Сейчас же в роли писателя находился либерал (по идейным соображениям) по фамилии Рында и с нетерпением ждал, когда же анархиста-кашевара настигнет неминуемая гибель.
Раздался крик ночной совы… и вдруг Фёдор услышал ещё и едва уловимый звук – хруст ветки. Прислушался. Вроде бы, никого. Он не придал лёгким посторонним шумам никакого значения. Может быть, пробежала лесная мышь рядом, коих в тайге предостаточно. Да мало ли звуков. Рассёдланные и спутанные лошади стояли неподалеку, тихо похрапывая. В густой хвое кедров опять «засмеялась» сова.

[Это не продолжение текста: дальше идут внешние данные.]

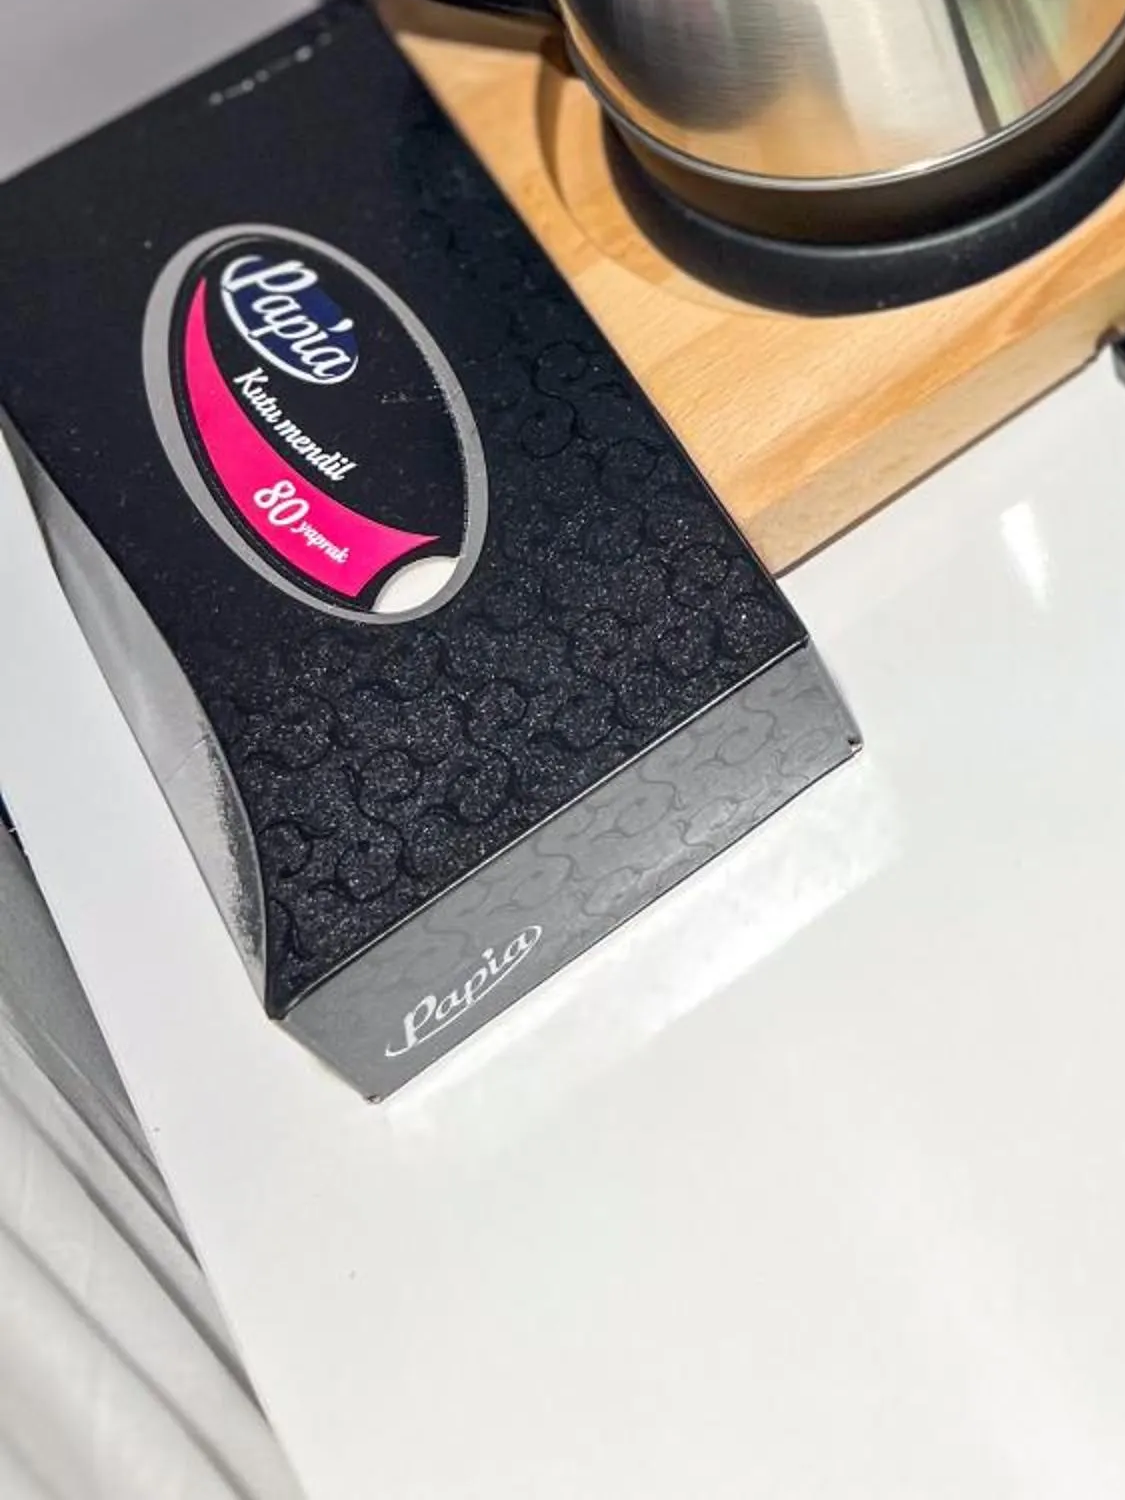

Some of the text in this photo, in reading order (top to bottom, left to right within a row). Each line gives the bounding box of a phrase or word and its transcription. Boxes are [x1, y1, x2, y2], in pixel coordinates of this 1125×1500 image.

[221, 255, 358, 385] Papia
[233, 367, 357, 481] Kutu mendil
[253, 479, 350, 564] 80 yaprak
[384, 925, 543, 1057] Papia
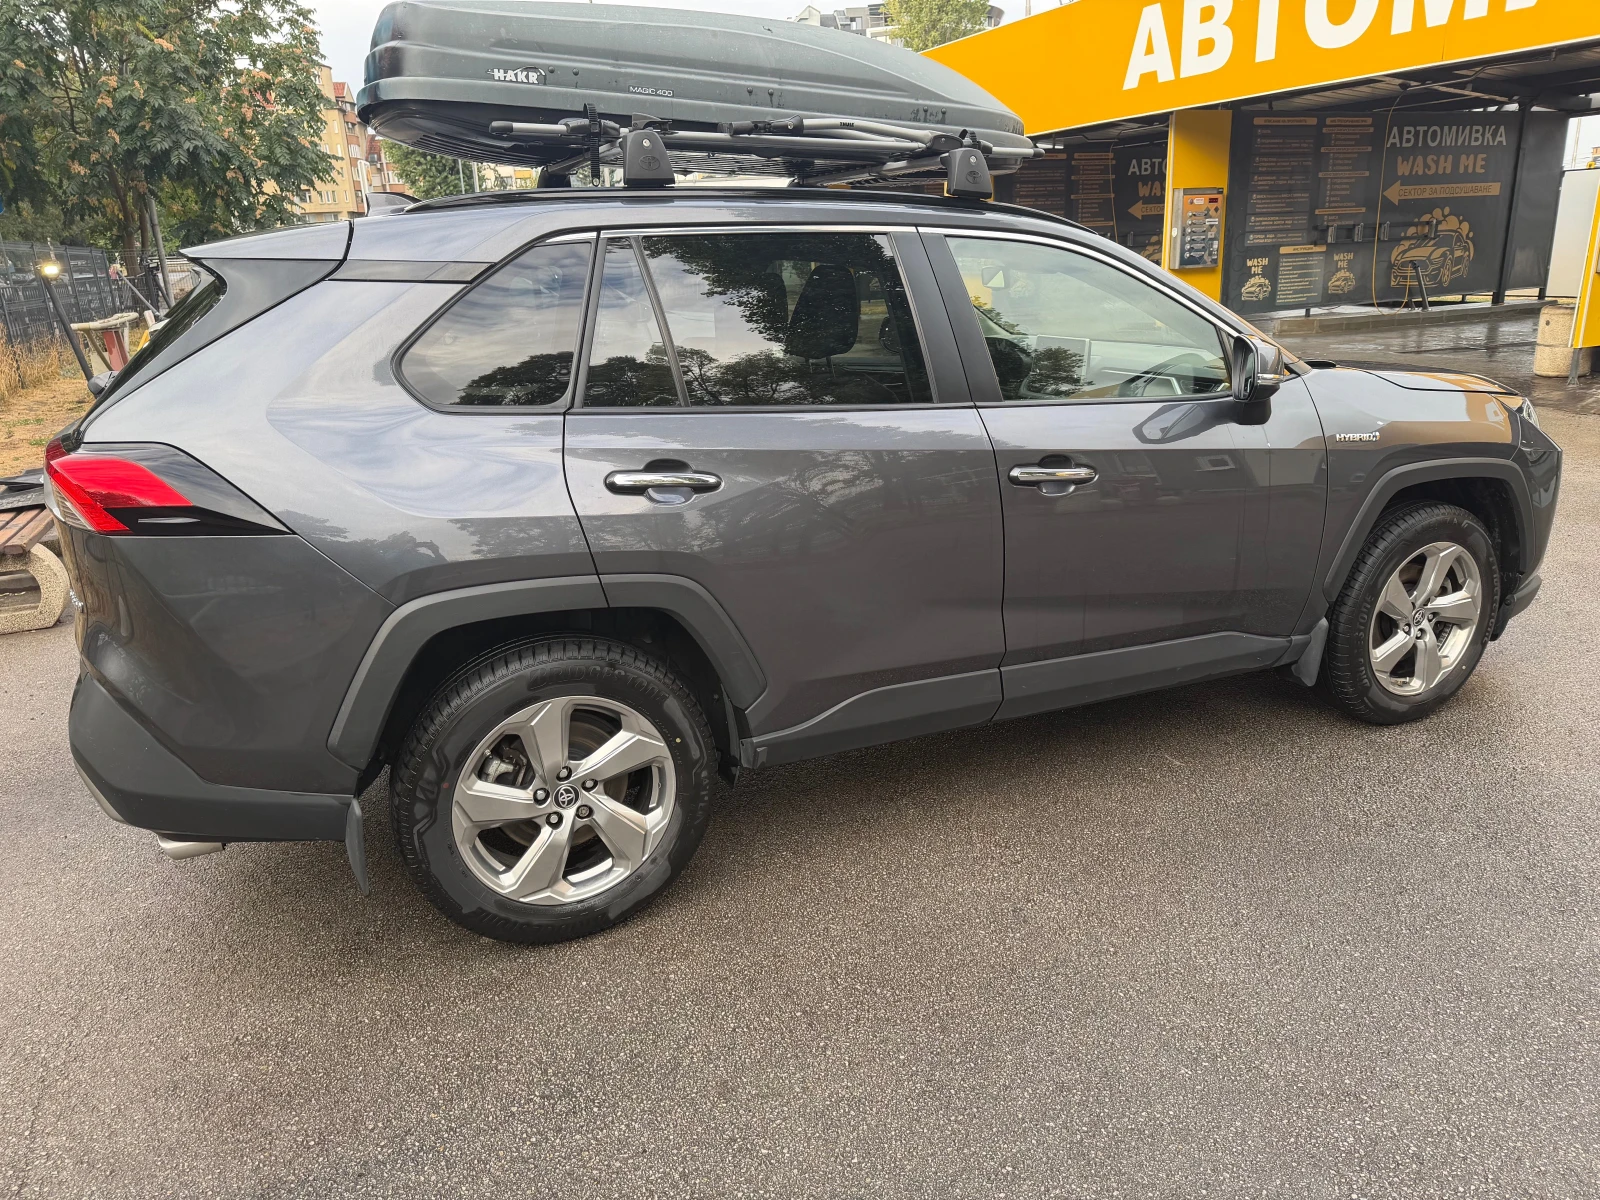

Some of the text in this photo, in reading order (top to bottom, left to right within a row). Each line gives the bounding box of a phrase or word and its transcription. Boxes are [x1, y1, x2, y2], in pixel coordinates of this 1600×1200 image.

[493, 68, 539, 84] HAKR
[629, 86, 655, 95] MAGIC
[1386, 125, 1507, 148] АВТОМИВКА
[1397, 153, 1487, 176] WASH ME
[1138, 180, 1166, 197] WA
[1398, 184, 1493, 197] СЕКТОР ЗА ПОДСУШАВАНЕ
[1247, 258, 1269, 266] WASH
[1334, 253, 1354, 261] WASH
[1337, 260, 1349, 268] ME
[1252, 266, 1263, 274] ME
[1335, 432, 1373, 442] HYBRID

Наклонившись к костру, Фёдор помешивал большой деревянной ложкой варево в котле. Вдруг, сделав в воздухе небольшой полукруг, на голову Фёдора опустилась петля и плотно сдавила его горло. Широко раскрыв глаза, умирающий анархист упал неподалеку от костра. Не ожидал смерти…
Из кустов торопливо выскочил Игнатка Барахчан. Он прихватил винтовку Фёдора, первое попавшееся на глаза седло. Потом поспешно привёл в походный порядок одну из лошадей, тихо вскарабкался на неё и скрылся в зарослях.
Буквально спустя несколько мгновений к костру подошли Григорий, Степан с лопатами и Виктор Оренский.
– Ничего, покойничков закопали нормально,– деловито сказал Степан,– ни медведь до них не доберётся, ни соболь.
– Какой ты умный, Стёпа, если медведю надо будет – он доберётся, – возразил Григорий и крикнул.– Эй, Федя, жрать желаем! Ставь на стол! А где же он, Фёдор-то? Куда спрятался?
Рокосуев, да и другие, стали оглядываться по сторонам.
Тихо и пугливо заржали лошади.
– Вот же он, удавленный,– сказал с безразличием Оренский,– и его смерть нашла. Жестокие годы!
– Дела,– сказал Григорий со вздохом, а и печалью, присев на корточки перед покойником.– И кто же его так смог?..
– Отомщу!!! – заорал истошно Степан.– Чтоб я землёй подавился, отомщу!
Он выхватил из ножен кинжал и швырнул его в ствол ближайшей сосны. Клинок на одну четверть вошёл в тело молчащего дерева. Оно-то причём? Сосна – только свидетель происходящего, но не творец зла. Да и говорить она не может. Для этого есть автор. Да ведь авторов-то много… Вского и разного натворили.
Оренский снял петлю с шеи покойника.
– Странный узел, странная удавка, господа. Сразу с двумя петлями,– задумчиво сказал он.– Я такую уже видел. Был у нас в отряде негидалец. Как его… Сейчас вспомню. Кажется, Игнатка Ба…
– Барахчан! – крикнул Степан и схватил Оренского за грудки.– Скажи, белая сволочь, это Барахчан?!